RECORDS TO USE>
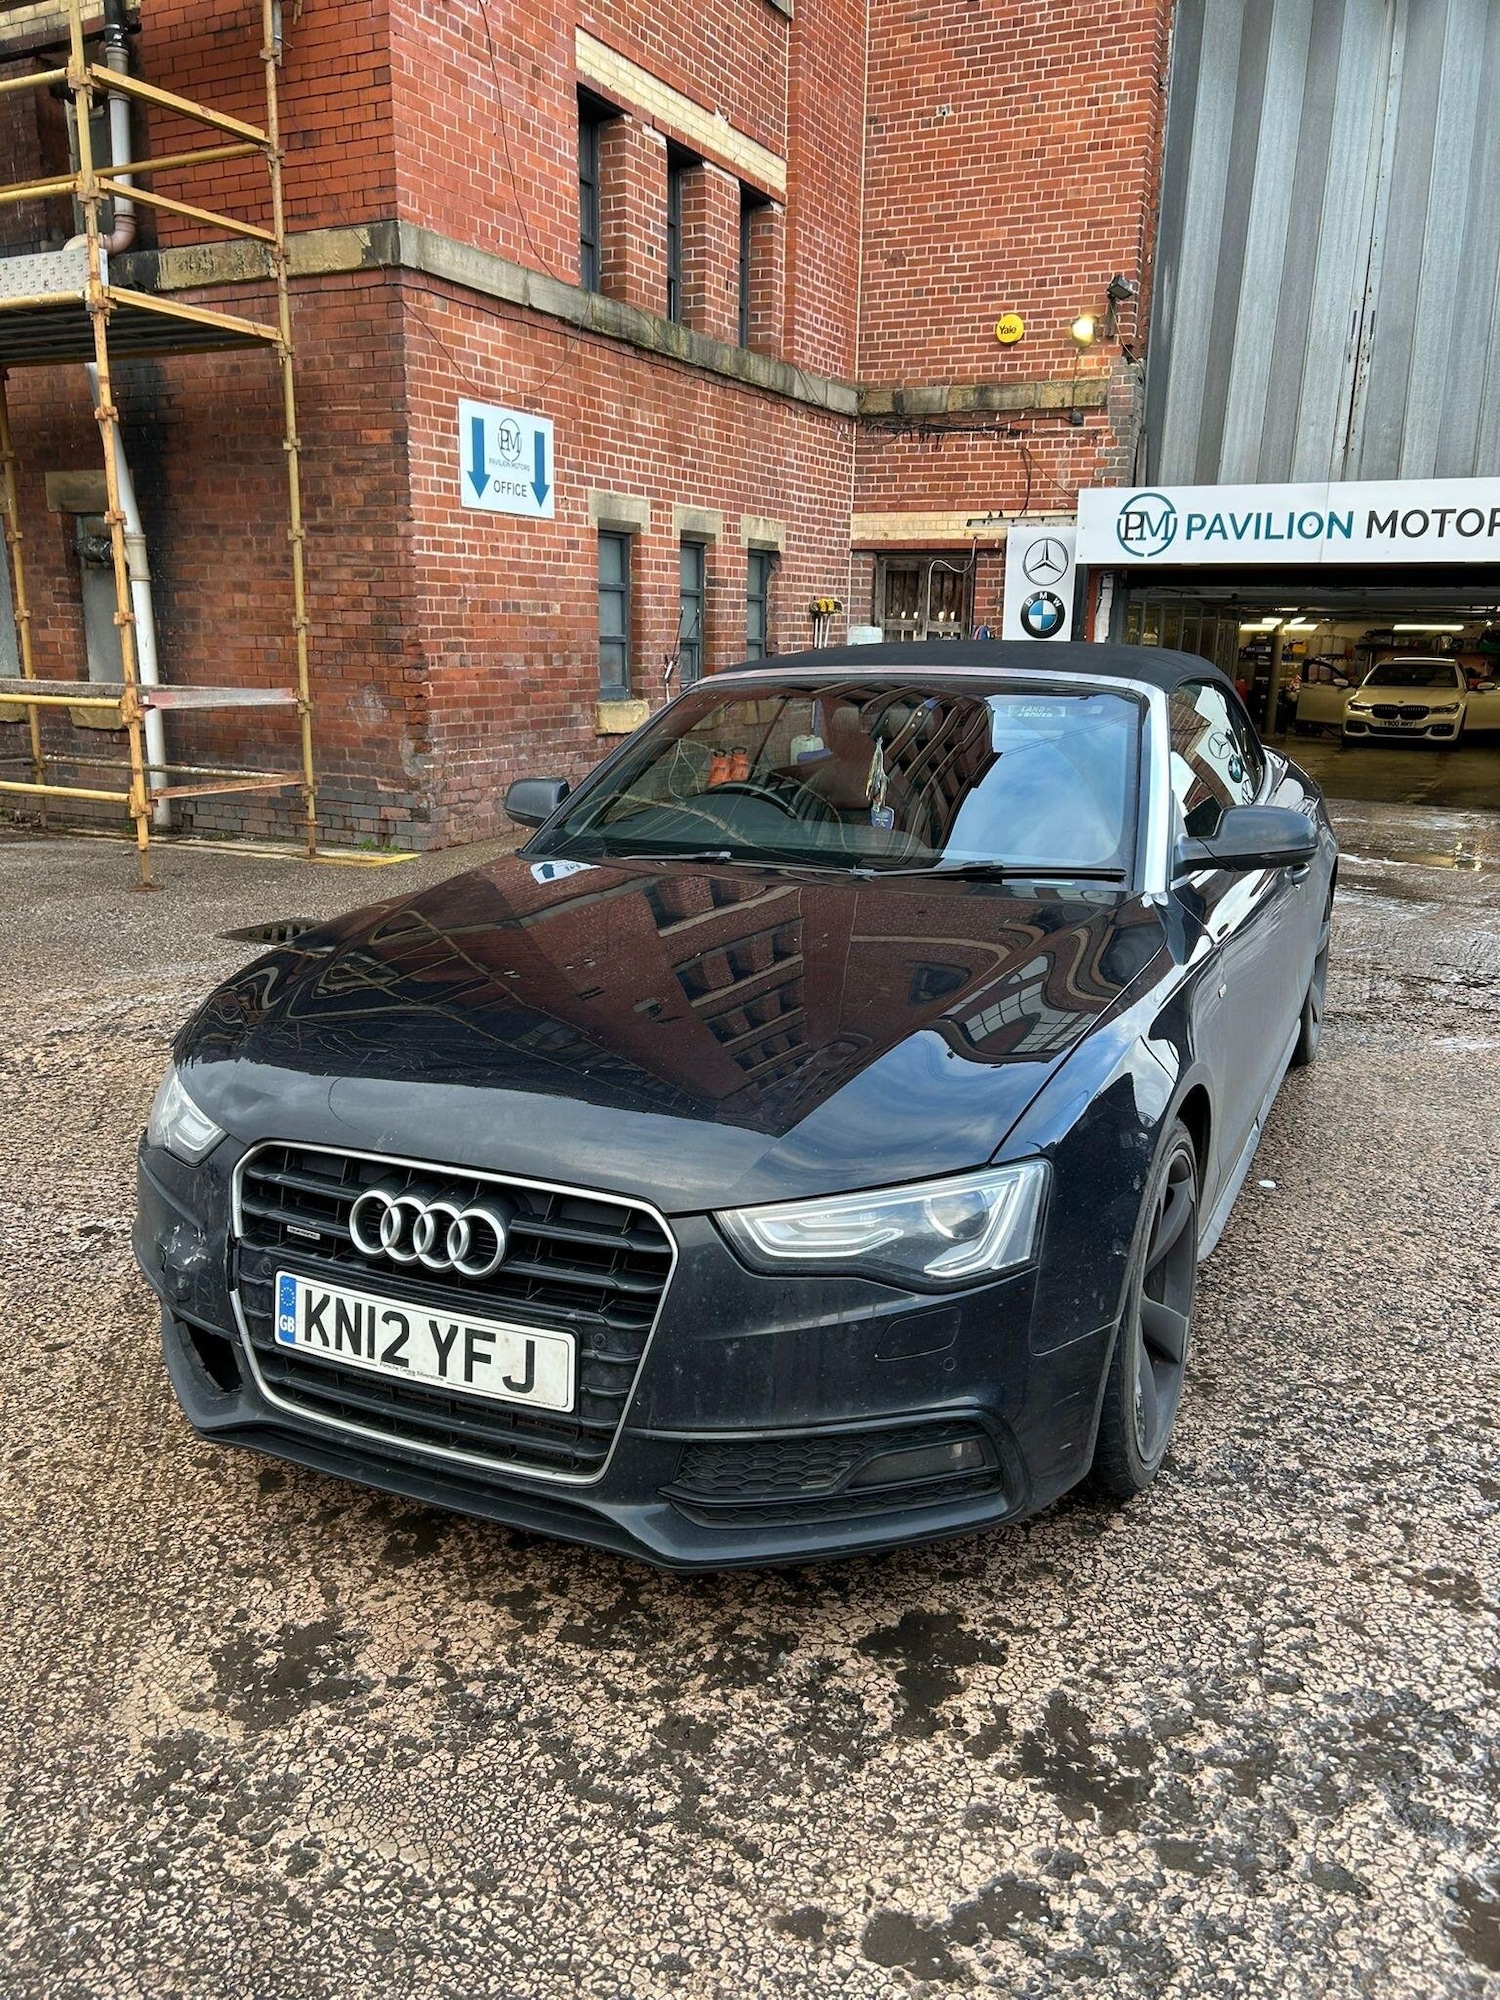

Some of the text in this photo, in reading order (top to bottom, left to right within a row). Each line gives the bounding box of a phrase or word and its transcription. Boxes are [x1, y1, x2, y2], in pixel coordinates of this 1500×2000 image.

[999, 325, 1017, 334] Yale
[493, 480, 528, 497] OFFICE
[1186, 510, 1354, 541] PAVILION
[1025, 591, 1062, 608] BMW
[279, 1316, 295, 1333] GB
[304, 1289, 535, 1394] KN12 YFJ

WHAT THE TASK REQUIRES>
Without including any picture, reproduce the material above word for word.

ANSWER TO THE PROBLEM>
Some of the text in this photo, in reading order (top to bottom, left to right within a row). Each line gives the bounding box of a phrase or word and its transcription. Boxes are [x1, y1, x2, y2], in pixel coordinates of this 1500×2000 image.

[999, 325, 1017, 334] Yale
[493, 480, 528, 497] OFFICE
[1186, 510, 1354, 541] PAVILION
[1025, 591, 1062, 608] BMW
[279, 1316, 295, 1333] GB
[304, 1289, 535, 1394] KN12 YFJ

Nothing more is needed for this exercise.